Outro aspecto é o desastre econômico e social da pandemia que chamou a atenção do presidente para as possibilidades de efeitos eleitorais potencialmente positivos de programas sociais. Por exemplo, o “auxílio emergencial” em curso, ou um futuro “bolsa família” reempacotado sob nova roupagem no chamado “Renda Brasil”, ambos não escaparam de seu faro “oportunista” (aqui é importante um parênteses, não vai nenhum juízo de valor ao termo “oportunista”, que normalmente tem um sentido bastante negativo no campo da política, mas pode ter um sentido bastante positivo na linguagem esportiva, quando se faz referência, por exemplo, a um goleador oportunista).
Como na expressão política econômica, a política é o substantivo e cresceu a ponto de vir para as primeiras páginas dos jornais e websites com a disputa no interior do atual governo.
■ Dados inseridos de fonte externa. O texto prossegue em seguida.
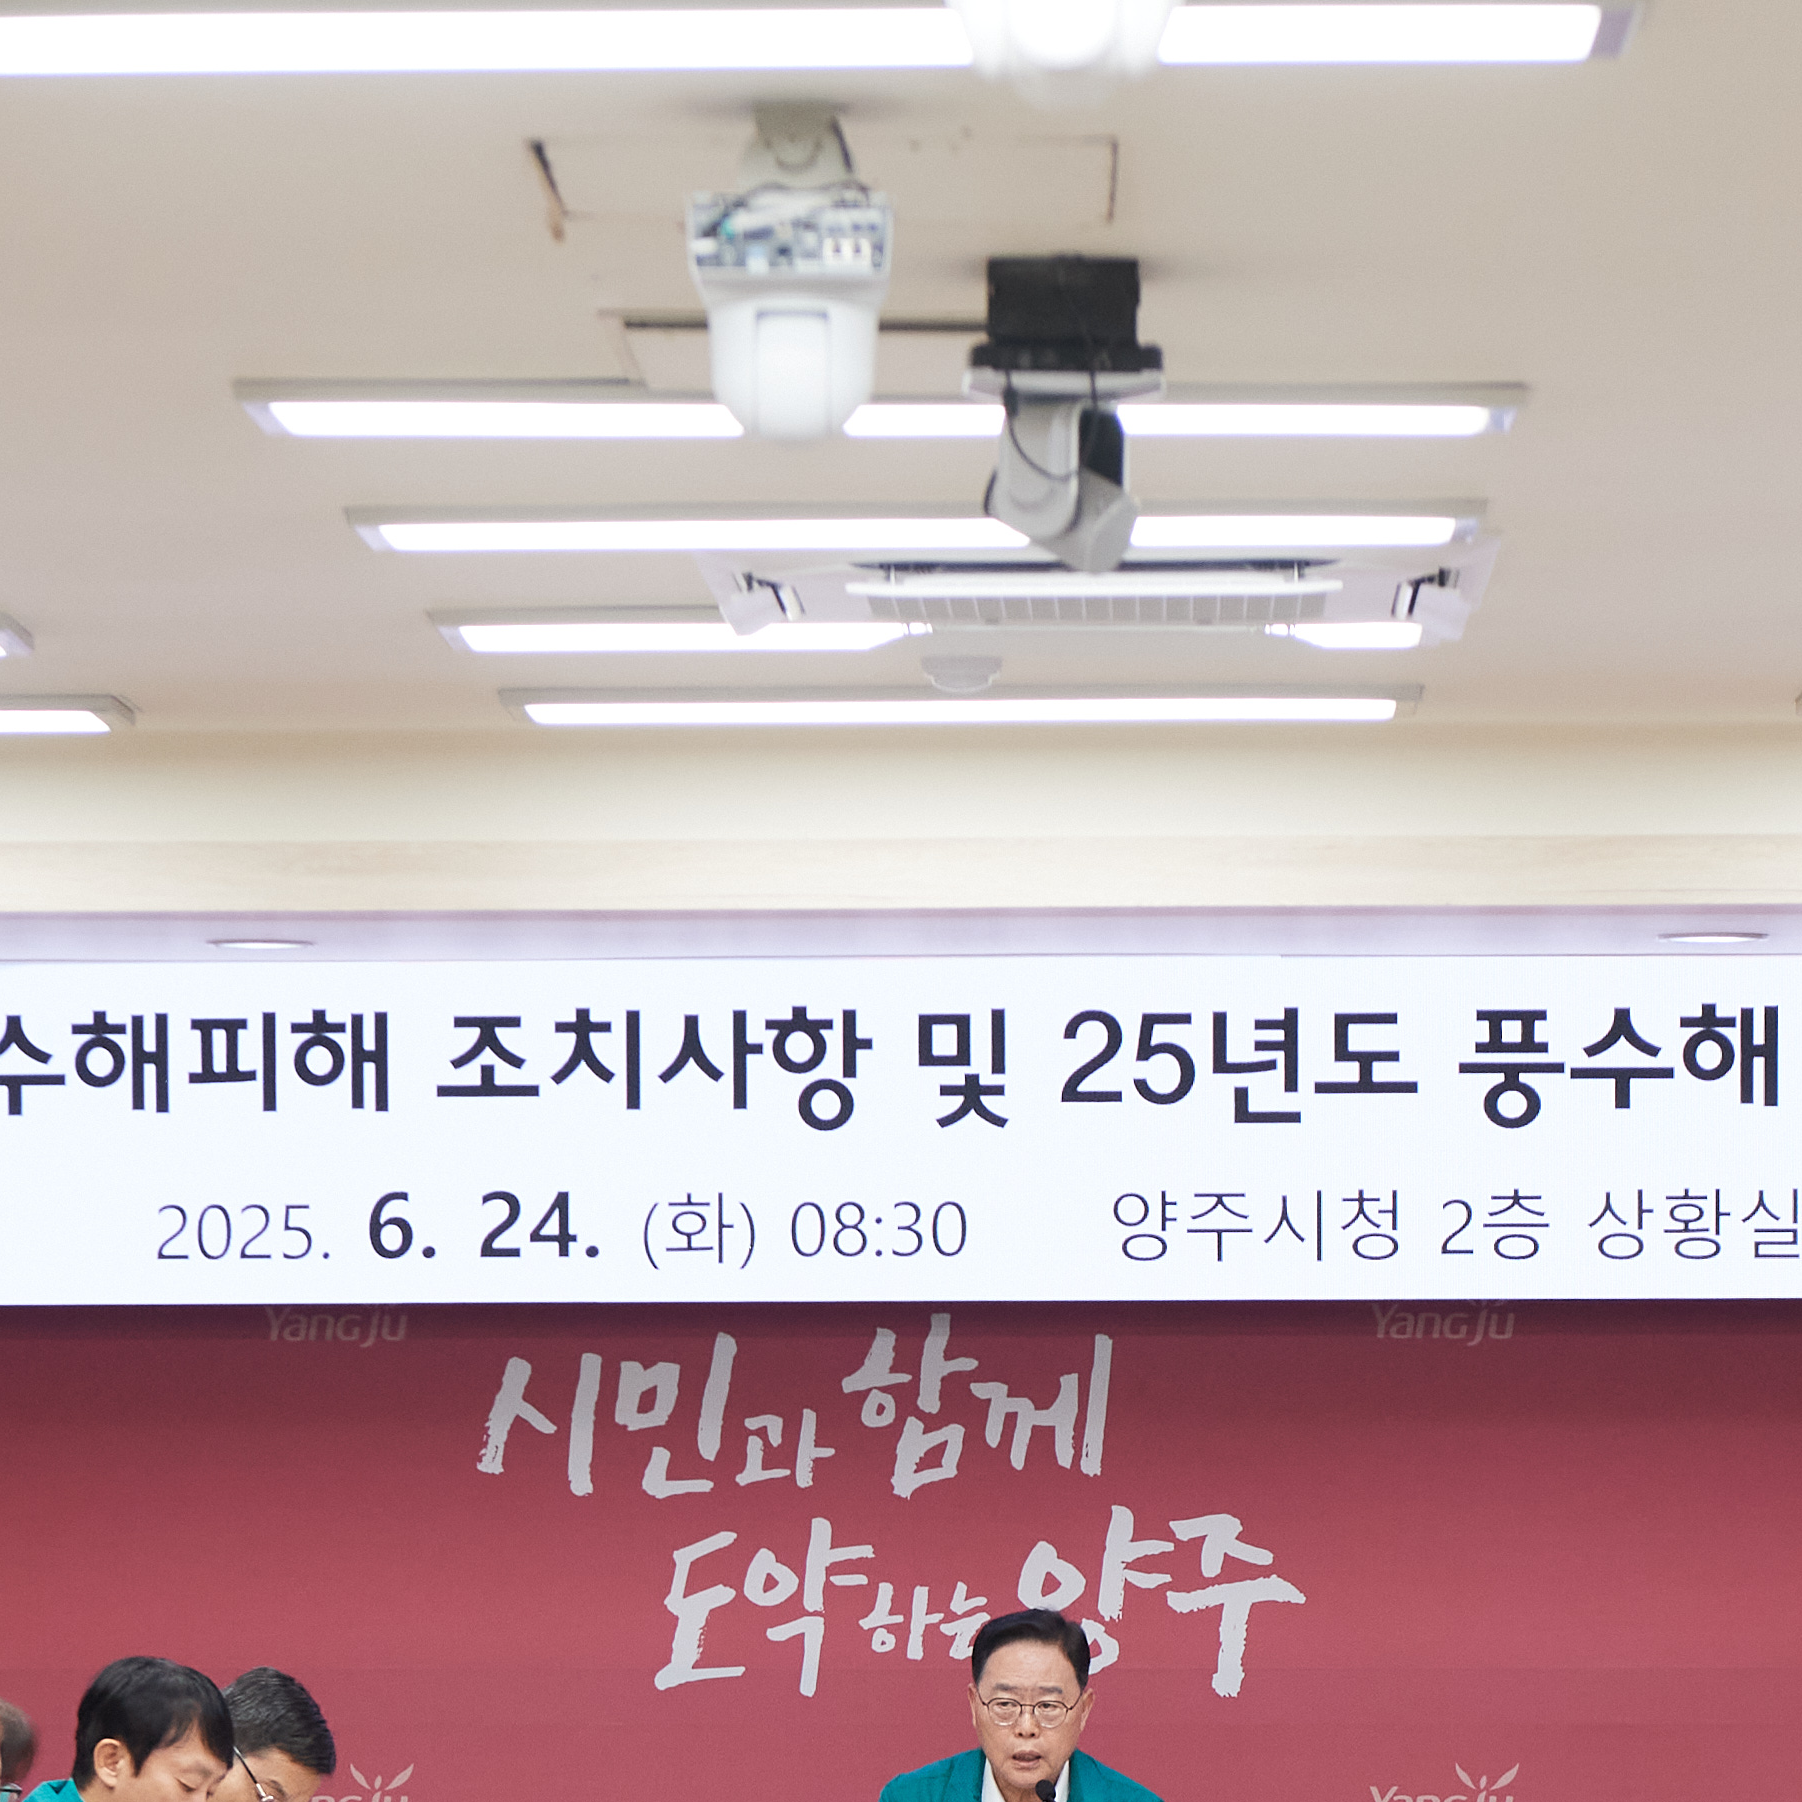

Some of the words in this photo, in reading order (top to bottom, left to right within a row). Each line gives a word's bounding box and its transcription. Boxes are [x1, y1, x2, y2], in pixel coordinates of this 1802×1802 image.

[436, 1005, 874, 1132] 조치사항
[918, 1008, 1010, 1129] 및
[1061, 1007, 1419, 1125] 25년도
[1458, 1003, 1780, 1130] 풍수해
[157, 1204, 331, 1261] 2025.
[368, 1191, 437, 1261] 6.
[480, 1190, 601, 1259] 24.
[641, 1191, 757, 1271] (화)
[791, 1201, 968, 1259] 08:30
[1112, 1189, 1401, 1263] 양주시청
[1441, 1190, 1551, 1262] 2층
[1588, 1188, 1802, 1261] 상황실
[477, 1331, 835, 1498] 시민과
[842, 1312, 1113, 1500] 함께
[1017, 1505, 1306, 1698] 양주
Disputa que coloca, de um lado, o velho liberalismo (aqui associado aos fundamentalistas fiscalistas) com cada vez menos fôlego, mas ainda sustentados por expressivos interesses financeiros. E de outro lado, uma aliança de pragmáticos da economia e da política, que configurou o que talvez se possa chamar de um “bolsonarismo de resultados”. Resultados que precisam ser alcançados, até para tentar dar uma sobrevida ao governo, ameaçado por sua fragilidade especialmente entre os formadores de opinião e as forças políticas no Congresso. Essa é a disputa que vamos ver se desenrolar na definição política econômica no próximo período. E com ela, o futuro do atual governo e sua sucessão.